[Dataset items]
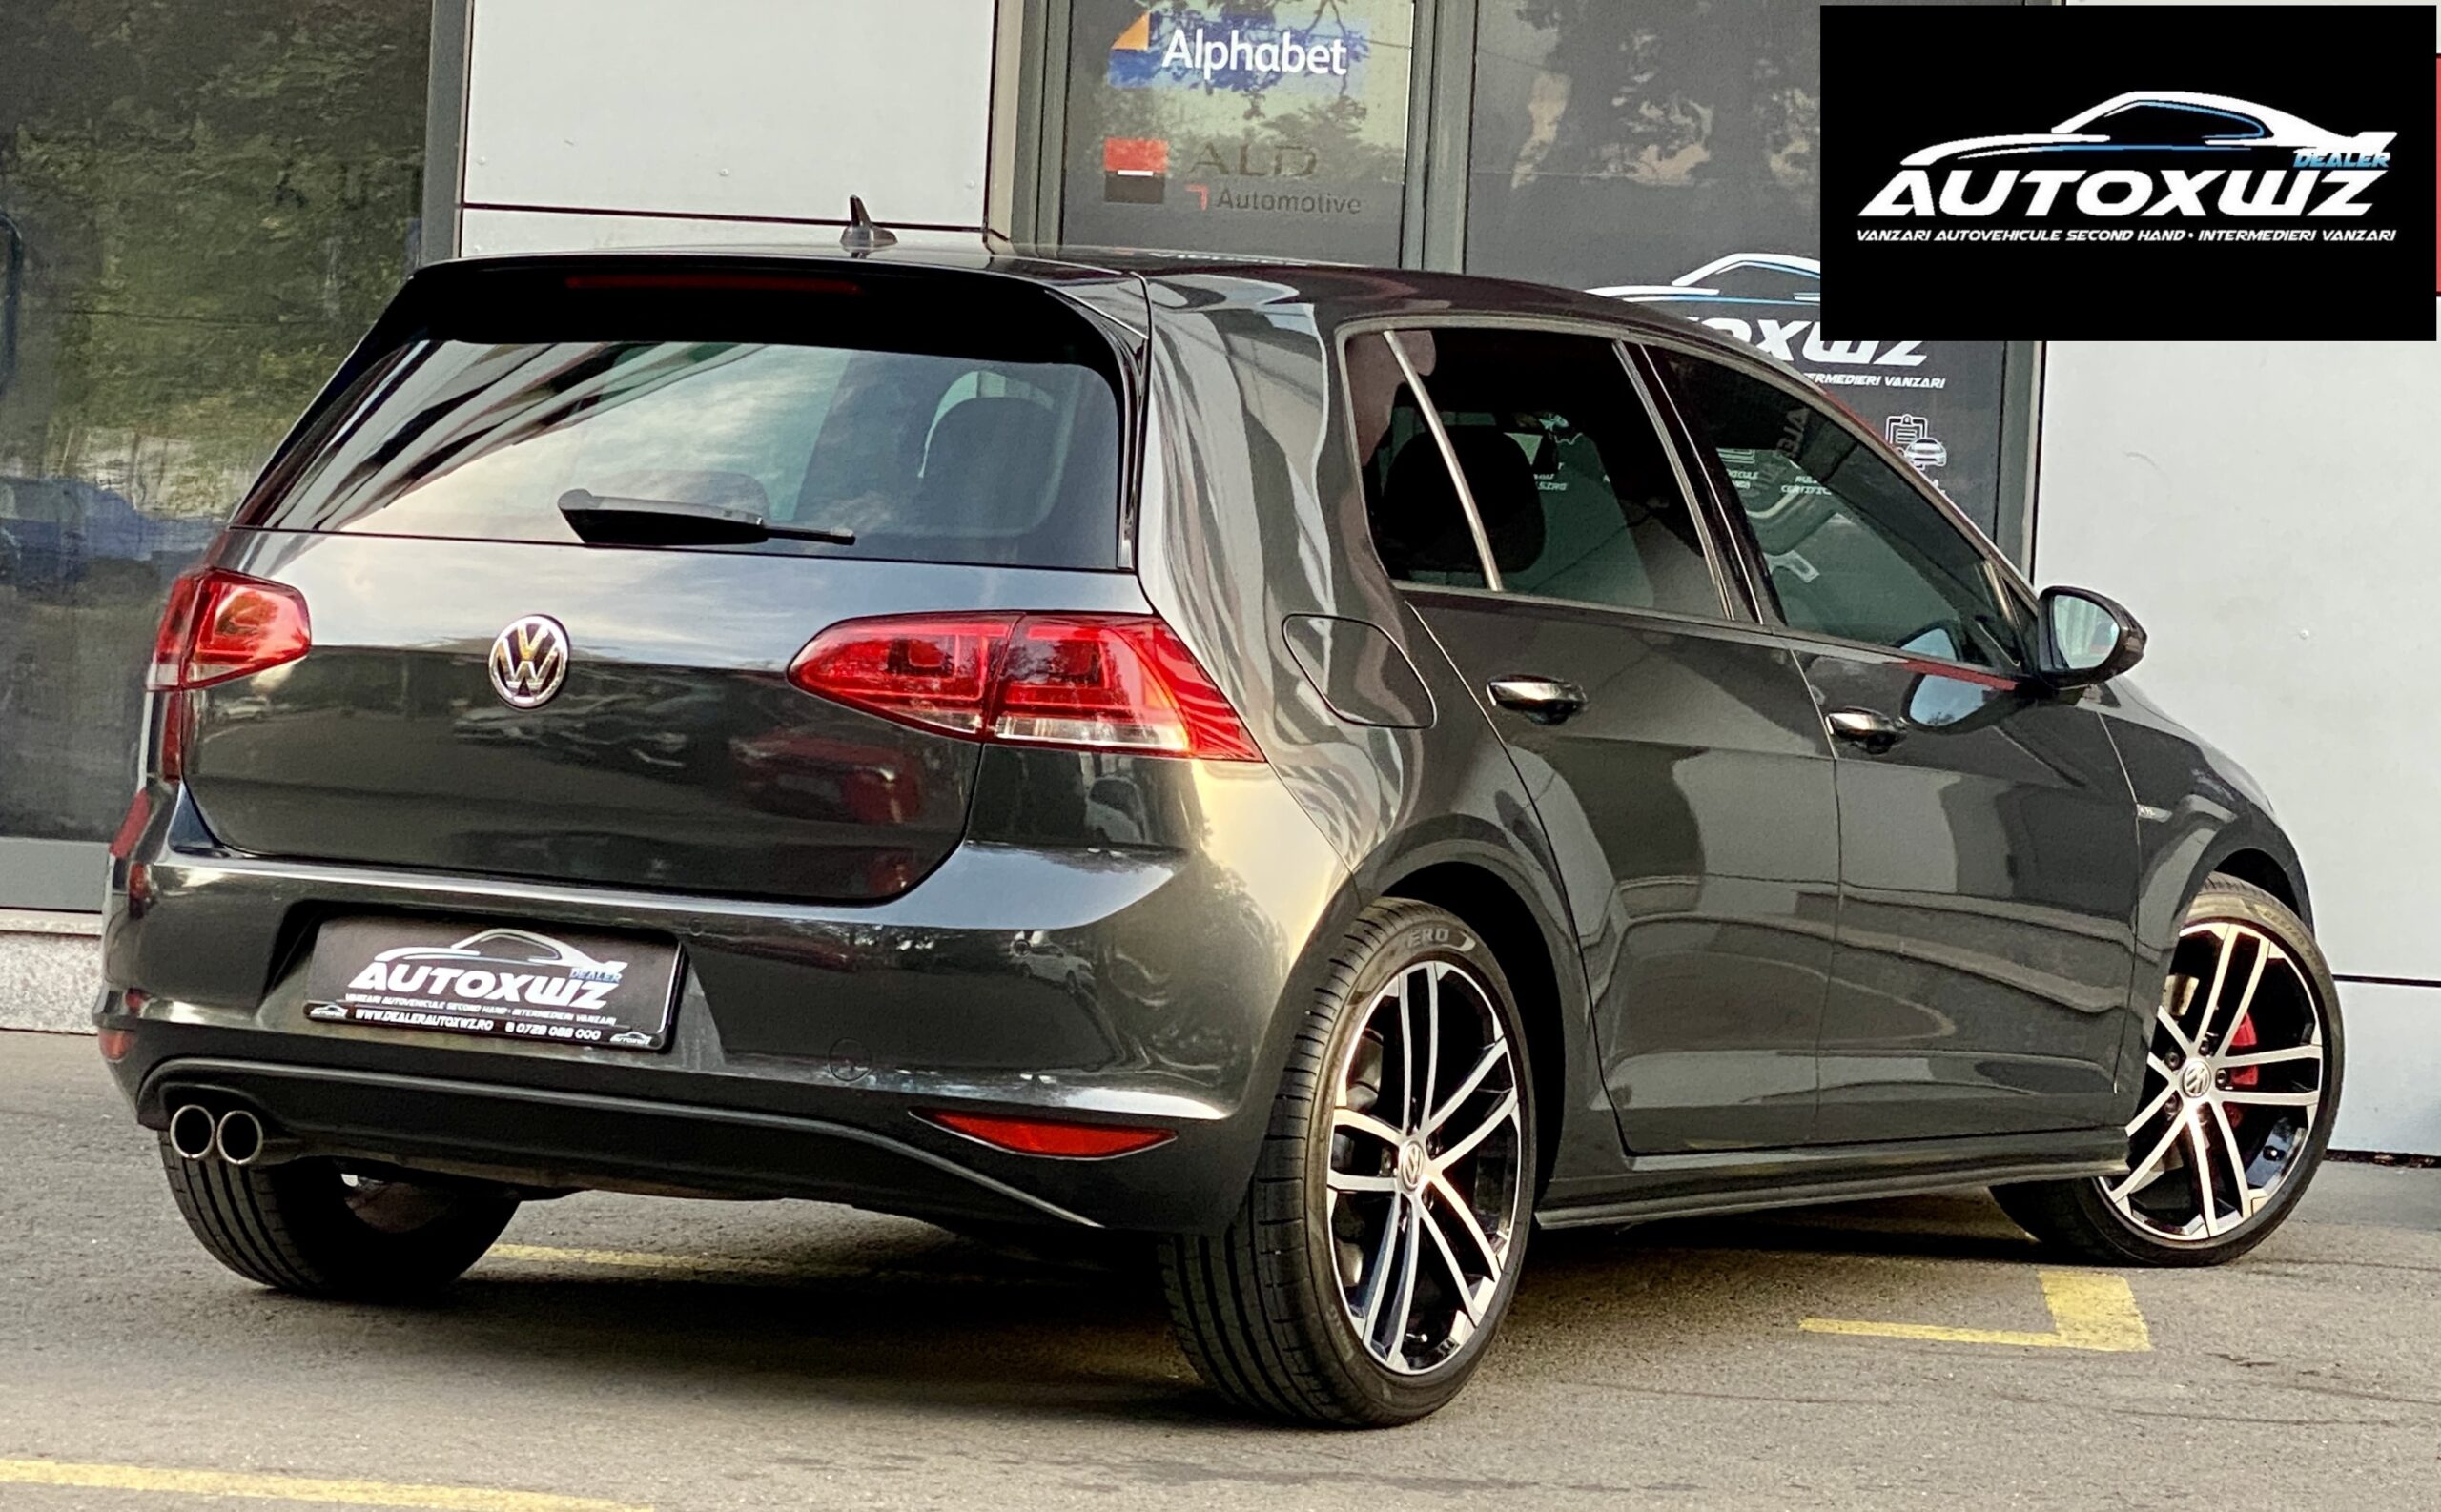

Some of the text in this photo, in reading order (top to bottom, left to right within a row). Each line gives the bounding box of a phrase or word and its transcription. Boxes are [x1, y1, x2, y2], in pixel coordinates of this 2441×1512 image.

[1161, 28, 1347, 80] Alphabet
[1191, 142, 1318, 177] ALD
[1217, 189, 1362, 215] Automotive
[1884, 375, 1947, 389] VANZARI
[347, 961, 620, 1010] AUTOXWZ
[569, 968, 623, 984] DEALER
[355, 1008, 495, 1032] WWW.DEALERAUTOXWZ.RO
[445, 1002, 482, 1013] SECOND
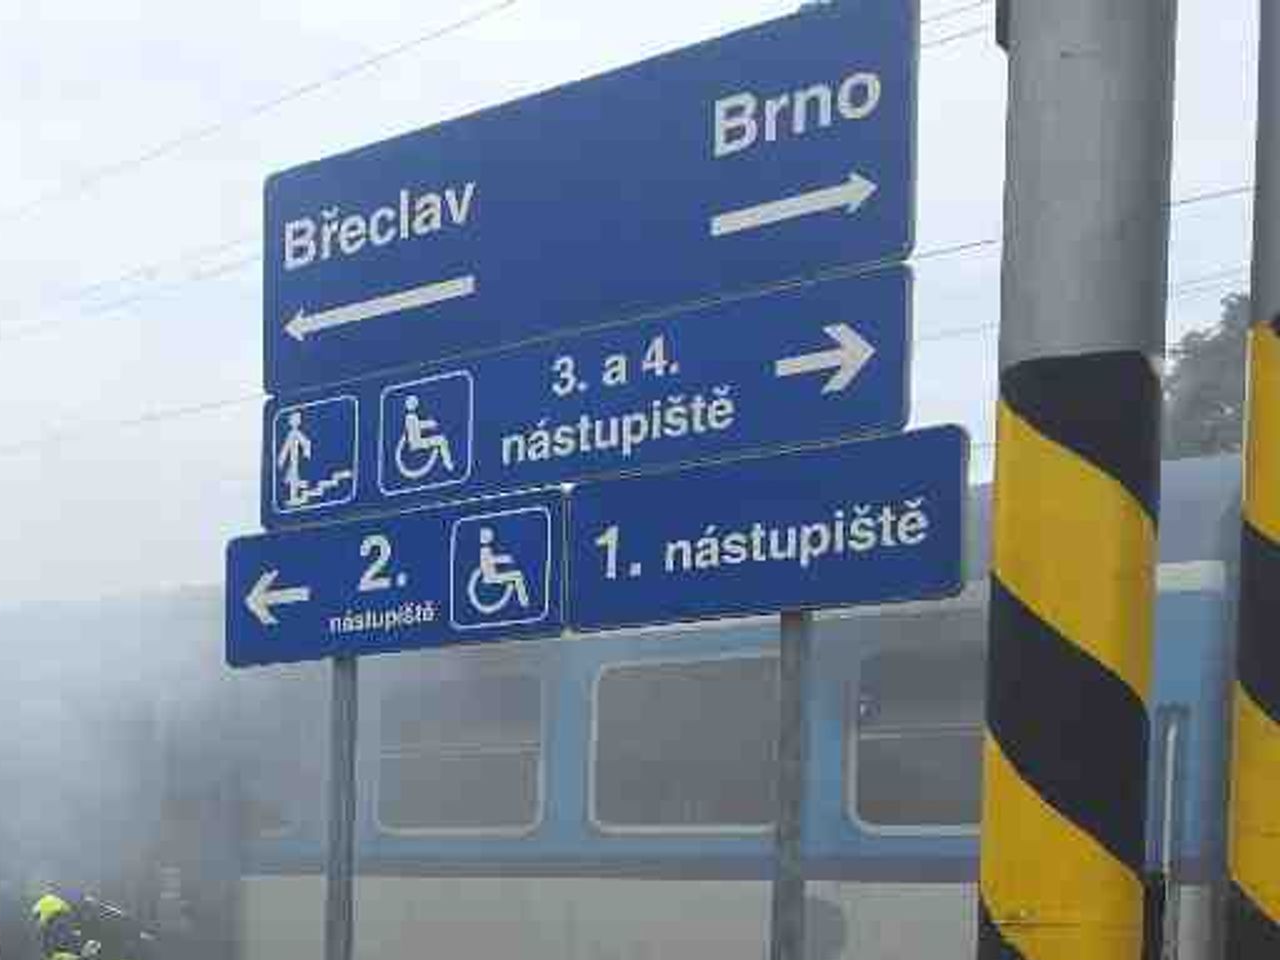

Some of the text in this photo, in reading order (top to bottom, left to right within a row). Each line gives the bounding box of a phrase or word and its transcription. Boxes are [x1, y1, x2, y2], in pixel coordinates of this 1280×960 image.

Task directions |
Write the entries above out again exactly, omitting each image.

Answer section |
Some of the text in this photo, in reading order (top to bottom, left to right within a row). Each line gives the bounding box of a phrase or word and its transcription. Boxes are [x1, y1, x2, y2], in pixel coordinates of this 2441×1512 image.

[1161, 28, 1347, 80] Alphabet
[1191, 142, 1318, 177] ALD
[1217, 189, 1362, 215] Automotive
[1884, 375, 1947, 389] VANZARI
[347, 961, 620, 1010] AUTOXWZ
[569, 968, 623, 984] DEALER
[355, 1008, 495, 1032] WWW.DEALERAUTOXWZ.RO
[445, 1002, 482, 1013] SECOND

Some of the text in this photo, in reading order (top to bottom, left to right within a row). Each line gives the bounding box of a phrase or word and its transcription. Boxes are [x1, y1, x2, y2], in pixel coordinates of this 1280×960 image.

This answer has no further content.